Surface Use Agreement Colorado

The State Land Board owns approximately 1.2 million hectares of mineral material, where the land above is owned by another party (“split” or “severed” estate). Under Colorado law, the owner of a mineral product has the right to access his mineral property, even if the surface is owned by another party. Landowners who wish to ensure that the development of state trust ores does not result in surface occupancy on their land may consider an NSO agreement with the National Land Board. The duration of the NSO agreement and consideration are determined after receipt of the application. The NSO agreements do not prohibit the development of oil and gas with horizontal or directed drills. For more information on whether The Landesamt owns the minerals under your property, see this fact sheet. Contact Ben Teschner at or 303-866-3454 x 3313 for more information on NSO agreements. The NSO`s contract application and transfer forms are available below under “Forms – Instructions.” A Surface Use Agreement (OAS) is the mechanism by which the State Land Board agrees to authorize the use of hectares of public trust for the development of offshore oil and gas. When a taker plans to use the area of government confidence, but 1) does not have the underlying oil and gas lease-sale, i.e.

2) develop additional hectares of oil and gas leasing outside the oil and gas leasing object, an SA will be required. Check out our Checklist Document, Pay Table Calculator and sample agreement. For questions, please contact mineral specialist Steve Freese at 303-866-3454 x 3343. The State Land Board`s leases require a performance obligation separate from the commitment required by the Colorado Oil and Gas Conservation Commission (COGCC). Government bonds are required by law to avoid the waste of the state trust and may cover property such as (but not limited) on the surface, rents and royalties. Obligations are required before reaching the surface of the field, operations or disturbances on the ground. When a tenant develops a spacing and drilling unit (“DSU”) or has a well that discharges oil and gas from an additional public lease and hectares (the well could be located on or off the state trust, a certification body should be submitted to the State Land Board in the event of an application for imputation certificates or application from the Colorado Oil and Gas Conservation Commission. Look at our guidelines for the communitarian agreement and the form of the communitarian agreement.

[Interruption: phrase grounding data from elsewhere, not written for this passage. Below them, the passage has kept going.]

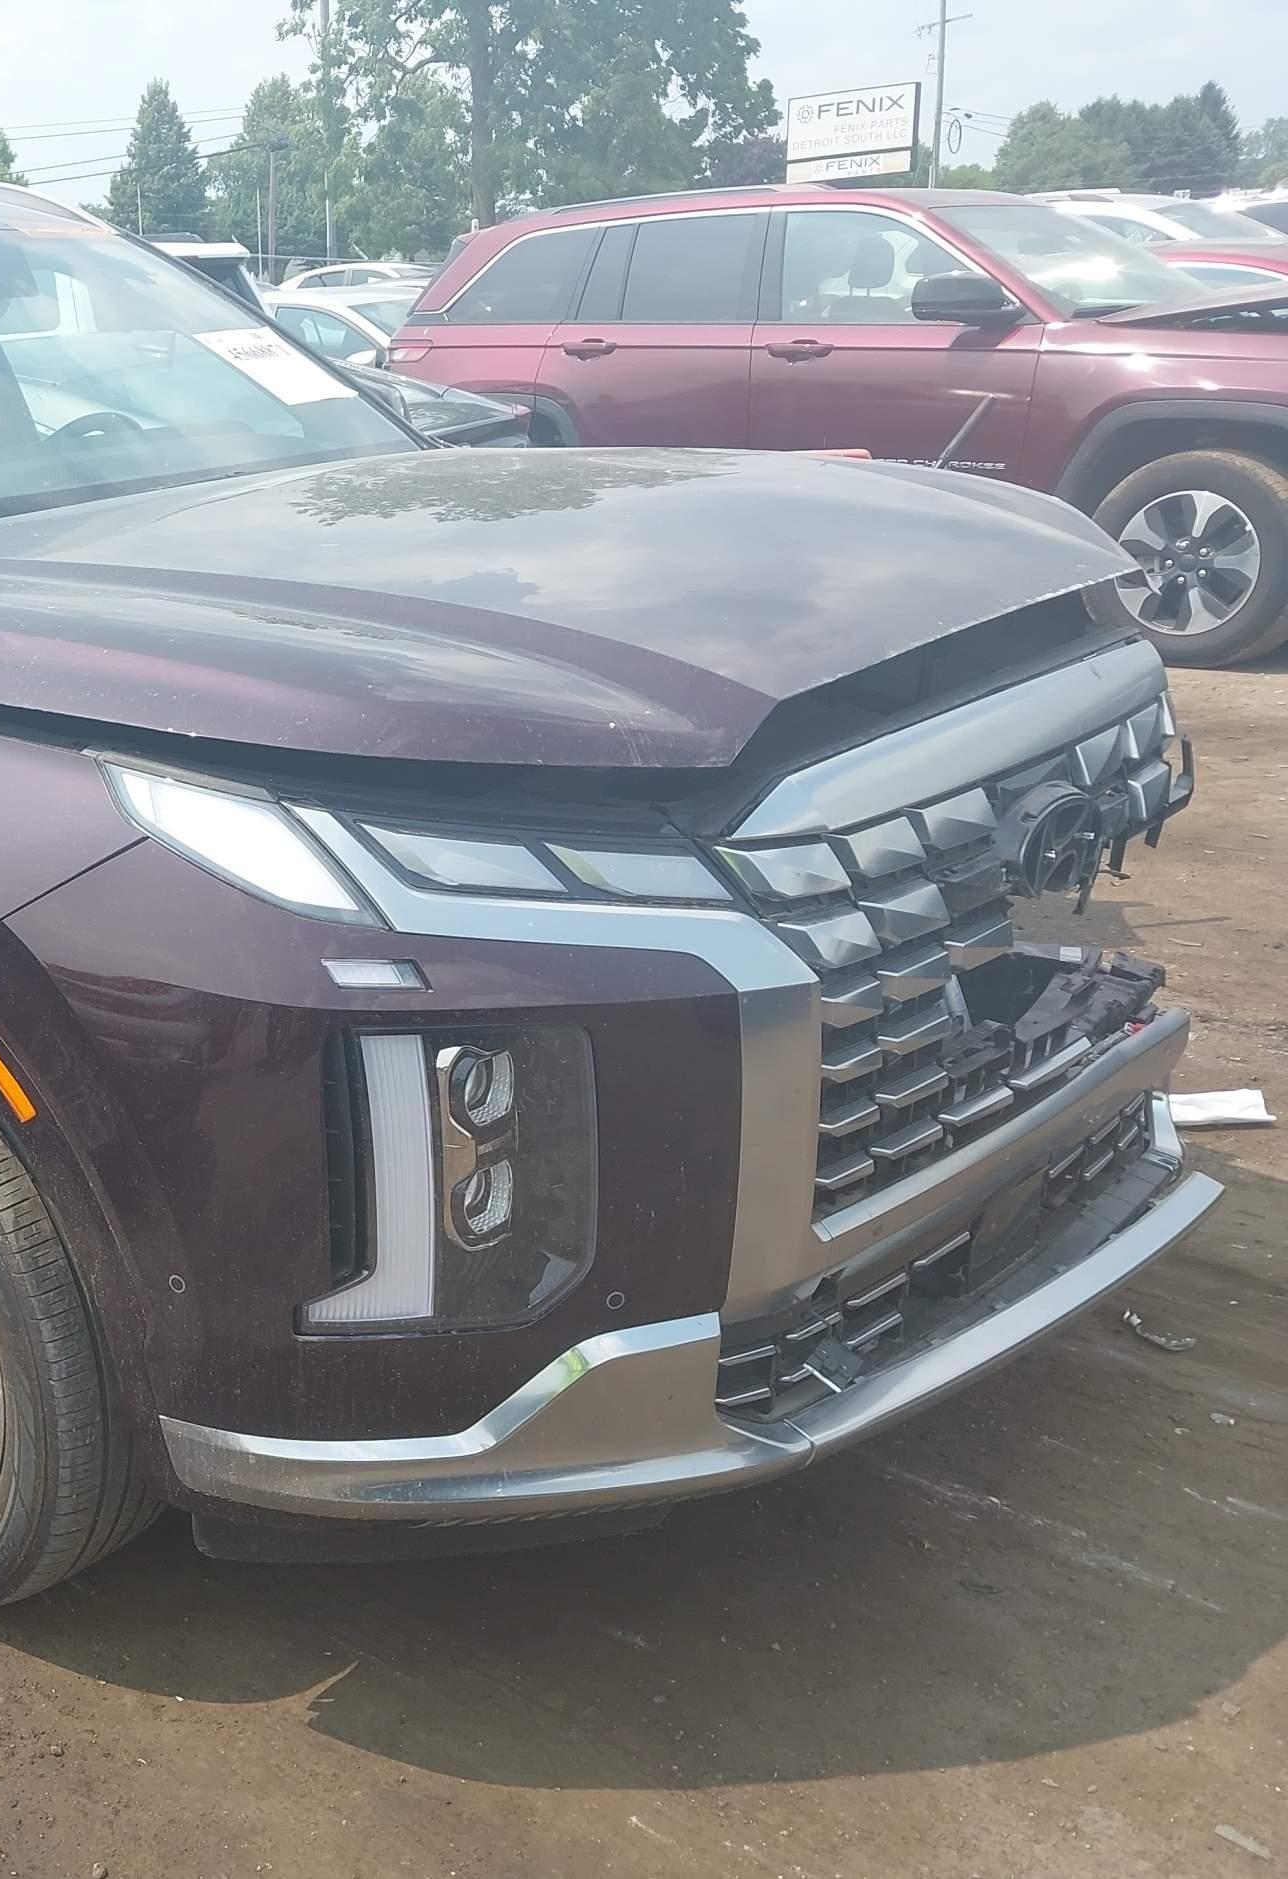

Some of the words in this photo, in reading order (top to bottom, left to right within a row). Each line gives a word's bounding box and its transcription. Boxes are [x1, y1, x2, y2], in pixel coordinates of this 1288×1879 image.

[818, 94, 904, 119] FENIX
[834, 121, 866, 134] FENIX
[871, 118, 908, 130] PARTS
[793, 138, 839, 151] DETROIT
[844, 133, 882, 145] SOUTH
[887, 129, 907, 138] LLC
[826, 156, 880, 171] FENIX

All oil and gas leases have a discount clause that allows the taker to transfer all or part of the leased property by paying all the amounts due and filing a written rebate request to the Landesamt. In order to avoid unwanted rental costs, the Landesamt invites tenants to inform the agency in writing of a request to postpone a tenancy agreement. Requests for rebates should be e-mailed to oil and gas specialist Catie Stitt before the next anniversary of the lease. Tenants who stop paying rent without making a written request for a formal rebate can charge a rent in question. Proportional rental costs are calculated on the basis of a period including the landesamt`s determination of non-payment of rent, the reporting of unpaid rent to the tenant and the healing time of a late payment in accordance with the tenancy conditions. For partial rebates, only consecutive contracts with a total volume of at least 40 hectares can be abandoned in a lease agreement (unless the original lease was less than 40 hectares). If the lease has been registered in the Landkreis, a declaration of rental or unblocking must also be registered in the Landkreis, when the lease is abandoned, and a copy of the registered release submitted to the Landesamt fer die Mietdatei. But only 12% are actually produced: 88% of oil and gas leases on trust lands are never in production, i.e. there is no extraction.